Rules on access to justice with regard to community institutions are laid down in the Treaty of Rome. The Aarhus Convention has been ratified by a legislative instrument, taking account of existing provisions, in order to ensure compliance at Community Institution level.
In Johannesburg, South Africa 2002, a new initiative called Partnership for Principle 10 (PP.10) was launched by governments, donor groups and NGO’s, as one of the outcomes of the World Summit on Sustainable Development (WSSD) (WRI Press release, 2002).

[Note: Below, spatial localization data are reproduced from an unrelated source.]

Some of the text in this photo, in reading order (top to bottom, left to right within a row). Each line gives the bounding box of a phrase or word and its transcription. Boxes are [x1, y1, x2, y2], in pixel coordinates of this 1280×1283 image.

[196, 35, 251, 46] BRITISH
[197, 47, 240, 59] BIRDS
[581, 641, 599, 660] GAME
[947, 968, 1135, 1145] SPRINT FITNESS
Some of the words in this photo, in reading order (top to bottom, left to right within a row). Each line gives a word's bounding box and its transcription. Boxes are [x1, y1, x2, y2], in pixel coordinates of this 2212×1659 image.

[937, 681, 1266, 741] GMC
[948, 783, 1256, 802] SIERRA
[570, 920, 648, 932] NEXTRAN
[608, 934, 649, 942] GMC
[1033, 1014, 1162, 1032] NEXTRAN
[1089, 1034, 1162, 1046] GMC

In UN parlance this is a Type 2 outcome, meaning it involves non-governmental stakeholders, whilst being linked to inter governmental commitments, in this instance Principle 10, (P.10) and paragraph 111 of WSSD Plan of Action.
In PP.10 each partner makes specific commitments based on the promotion of P.10 at national and international level, by identifying implementation gaps, by capacity building, and by improving and implementing relevant legislation. Each partner is held accountable for fulfilling its commitments.